§ **Work instructions**
Will you output all of the data below exactly, omitting the images?

§ **Records supplied**
[Start of Attachment]
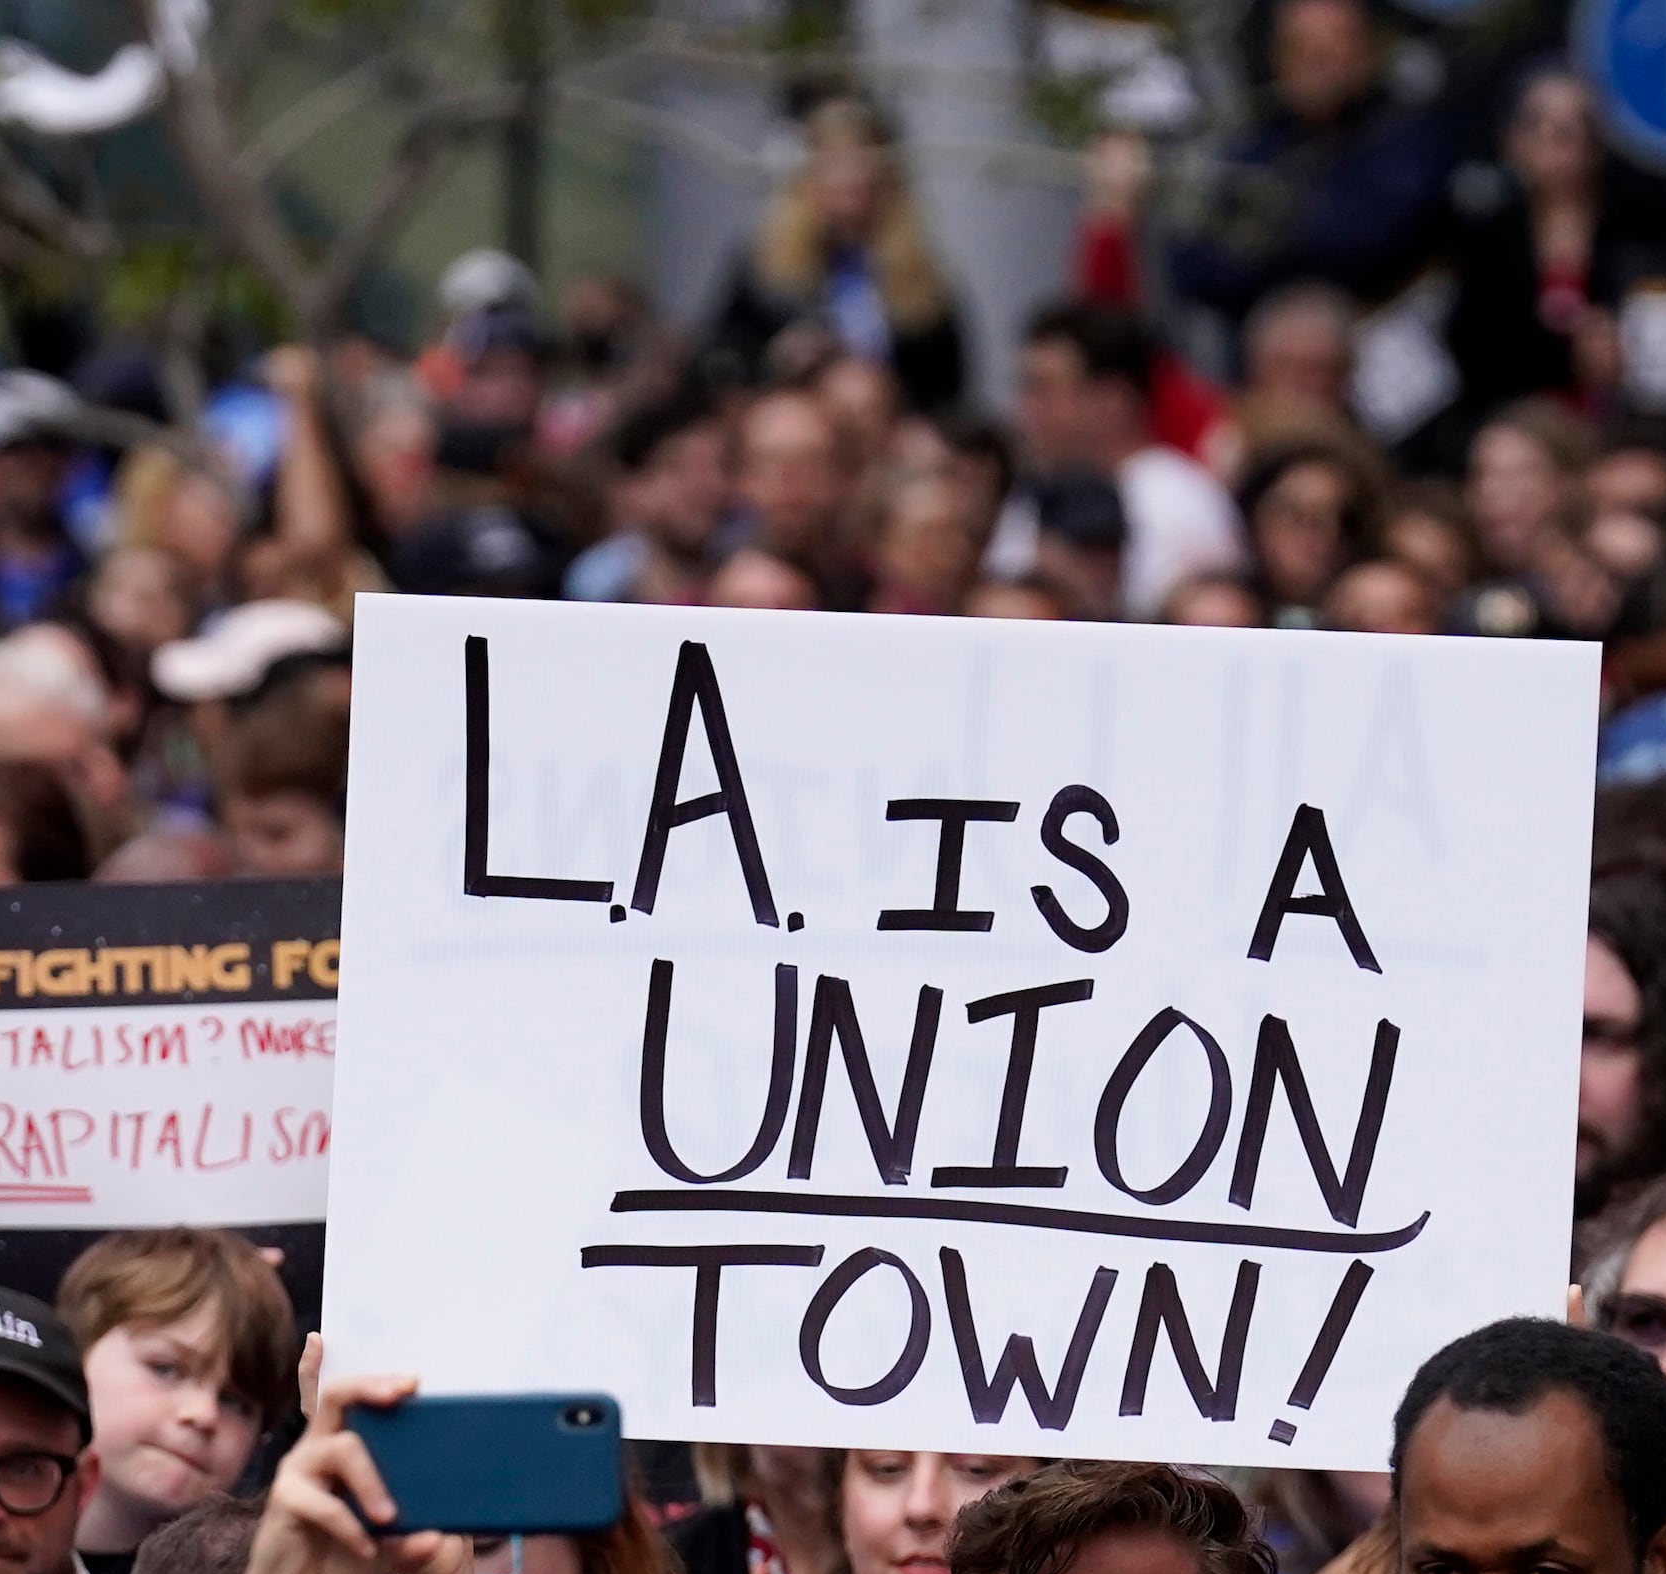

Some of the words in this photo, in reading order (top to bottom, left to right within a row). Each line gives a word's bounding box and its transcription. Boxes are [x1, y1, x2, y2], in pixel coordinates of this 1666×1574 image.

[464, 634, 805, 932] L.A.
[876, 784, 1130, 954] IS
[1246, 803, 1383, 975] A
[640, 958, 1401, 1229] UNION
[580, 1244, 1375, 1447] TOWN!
[End of Attachment]
§ **Final answer**
Some of the words in this photo, in reading order (top to bottom, left to right within a row). Each line gives a word's bounding box and its transcription. Boxes are [x1, y1, x2, y2], in pixel coordinates of this 1666×1574 image.

[464, 634, 805, 932] L.A.
[876, 784, 1130, 954] IS
[1246, 803, 1383, 975] A
[640, 958, 1401, 1229] UNION
[580, 1244, 1375, 1447] TOWN!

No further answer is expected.